Provided records:
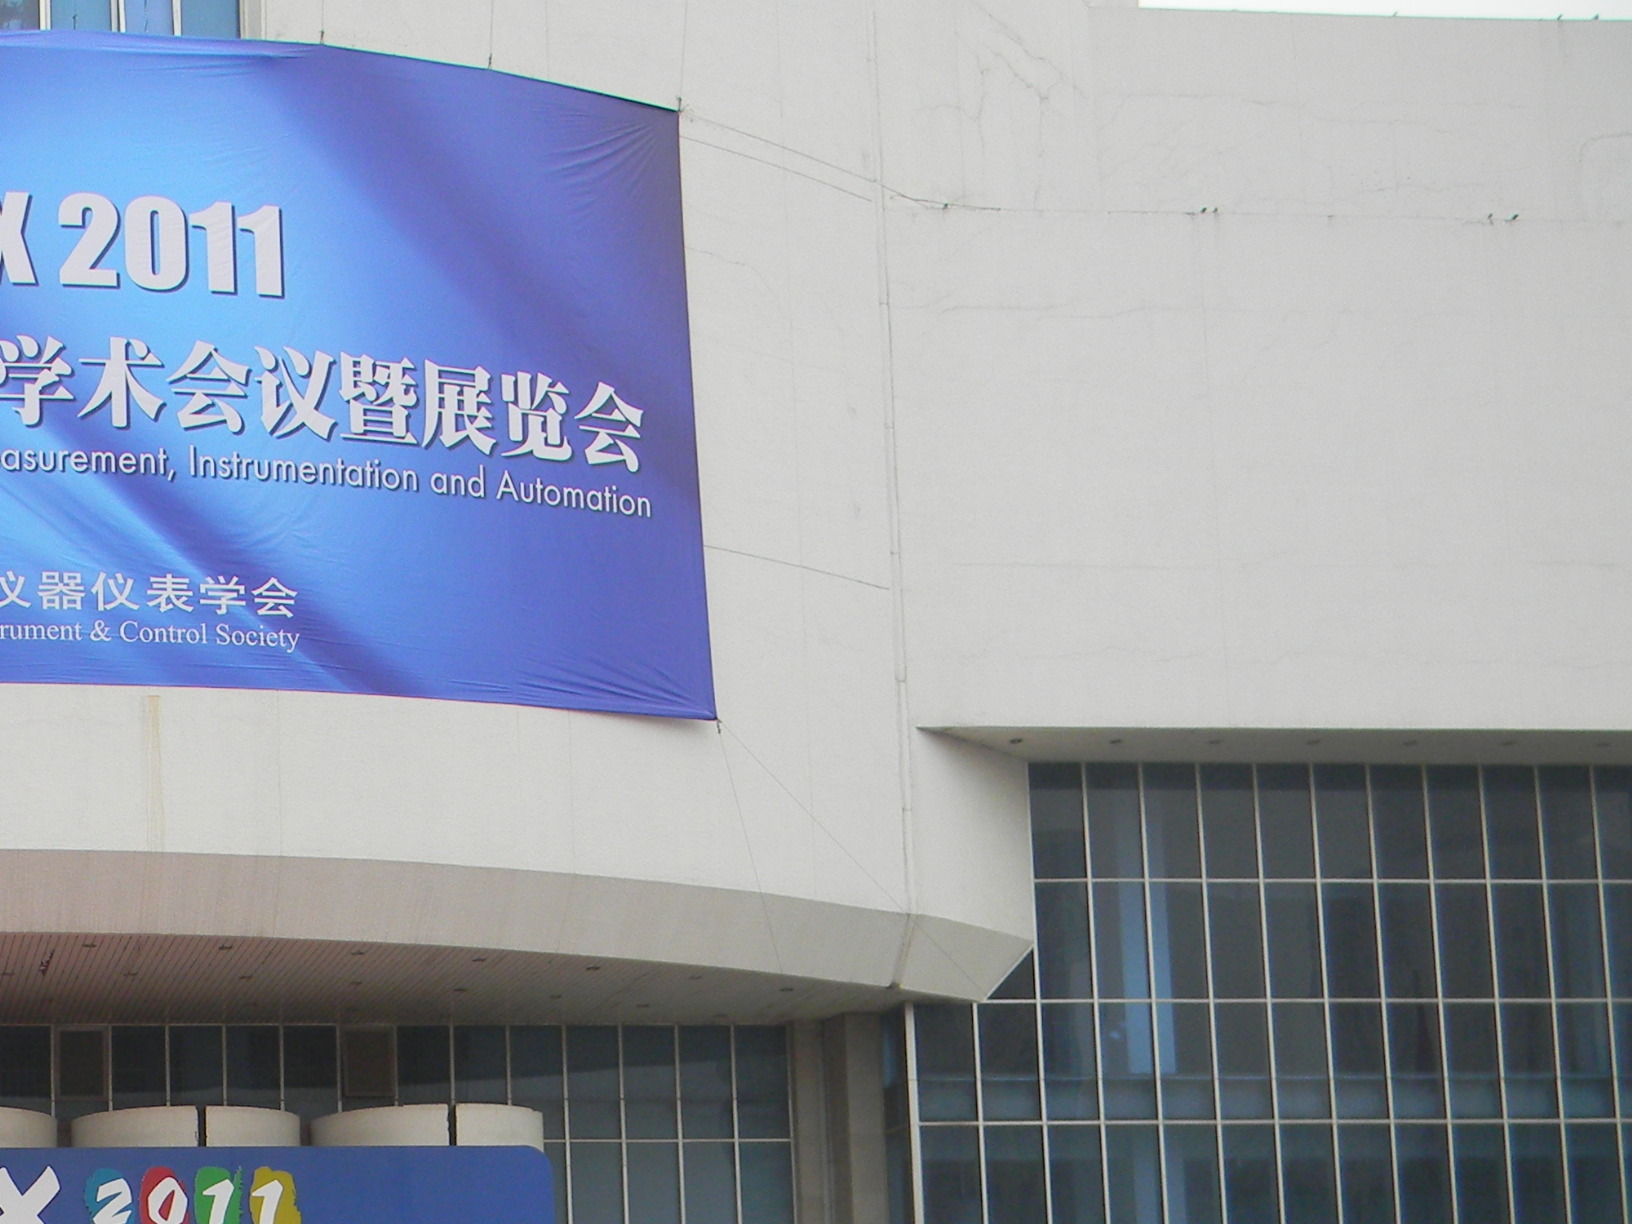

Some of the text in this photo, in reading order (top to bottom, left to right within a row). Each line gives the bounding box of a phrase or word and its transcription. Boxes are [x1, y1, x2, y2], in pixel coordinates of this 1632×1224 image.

==

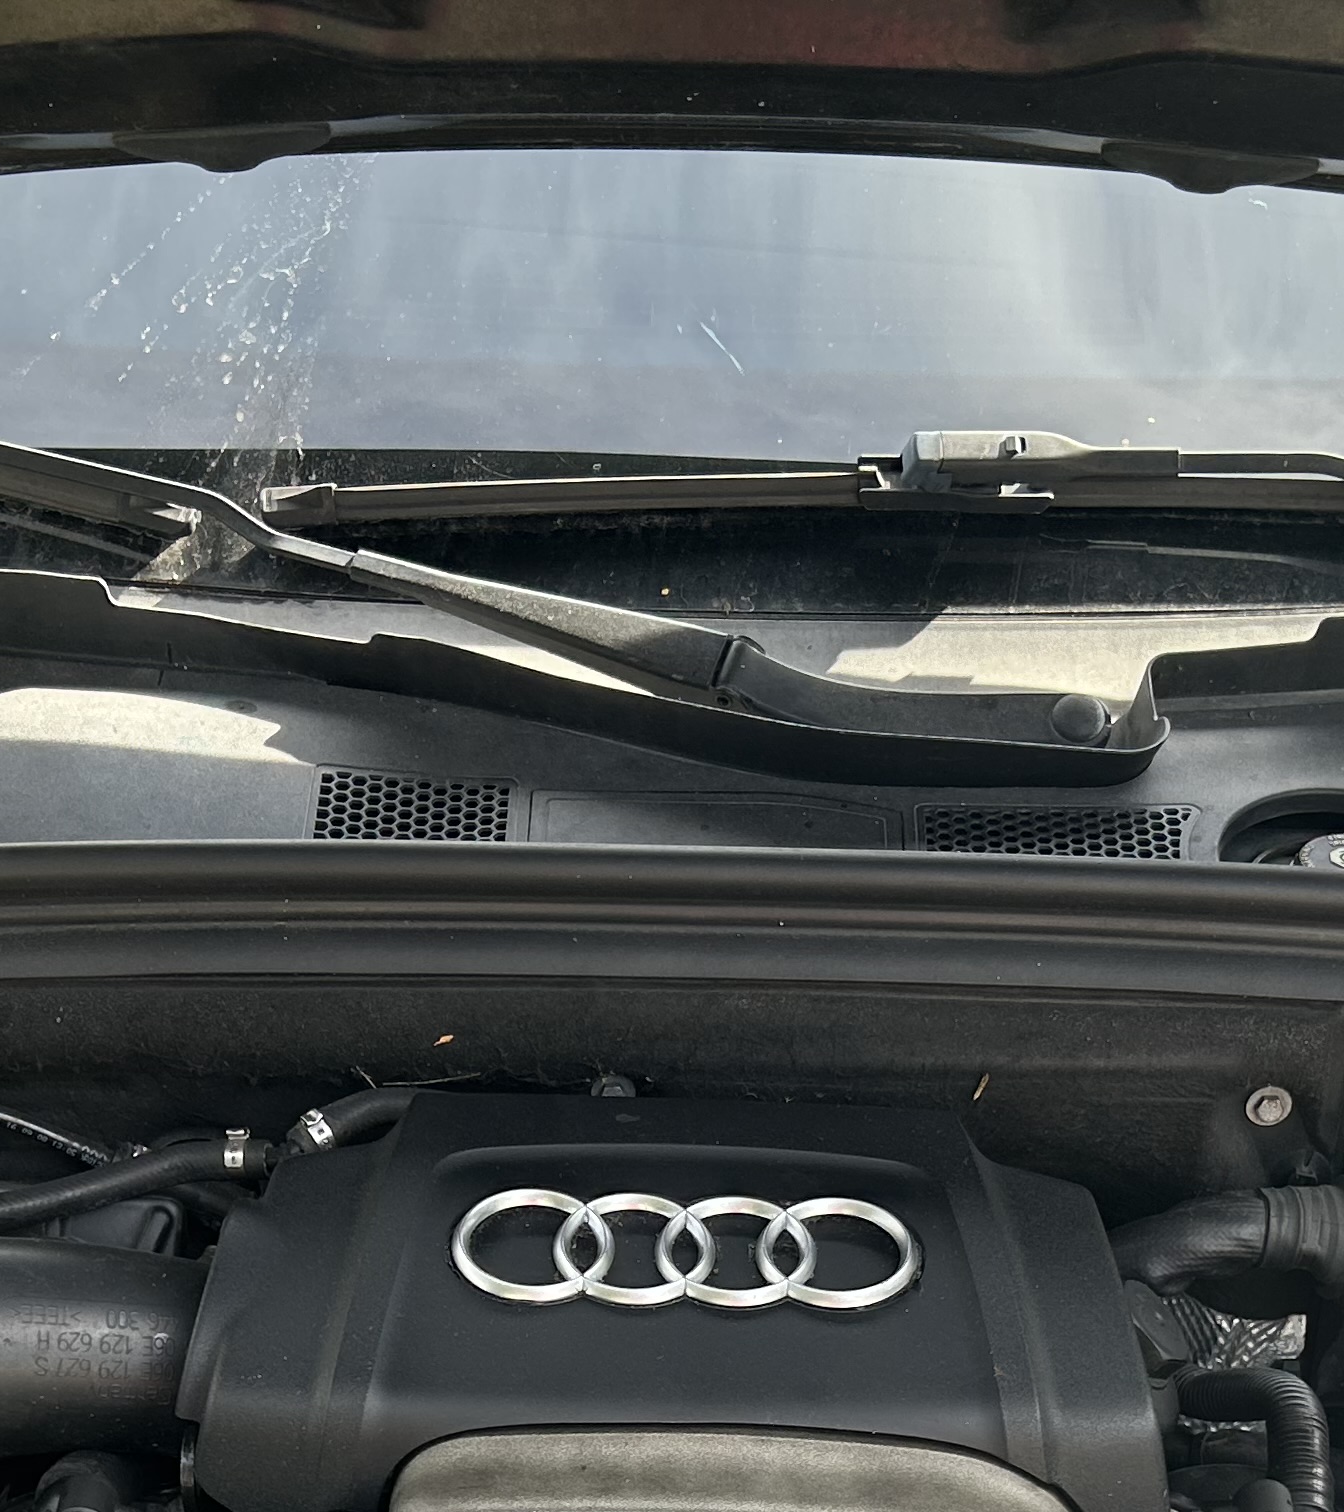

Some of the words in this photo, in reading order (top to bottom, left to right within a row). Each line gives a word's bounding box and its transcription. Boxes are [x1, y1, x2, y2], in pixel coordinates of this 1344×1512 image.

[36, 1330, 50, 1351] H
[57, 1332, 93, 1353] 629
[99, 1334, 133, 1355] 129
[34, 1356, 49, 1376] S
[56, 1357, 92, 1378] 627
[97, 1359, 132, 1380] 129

--

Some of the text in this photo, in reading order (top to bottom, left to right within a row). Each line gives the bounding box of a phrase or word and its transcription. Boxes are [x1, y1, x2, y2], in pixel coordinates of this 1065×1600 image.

Exercise aim: Please go line by line through the records above, copying each one that holds the string "text".

Response for this exercise:
Some of the text in this photo, in reading order (top to bottom, left to right within a row). Each line gives the bounding box of a phrase or word and its transcription. Boxes are [x1, y1, x2, y2], in pixel coordinates of this 1632×1224 image.
Some of the text in this photo, in reading order (top to bottom, left to right within a row). Each line gives the bounding box of a phrase or word and its transcription. Boxes are [x1, y1, x2, y2], in pixel coordinates of this 1065×1600 image.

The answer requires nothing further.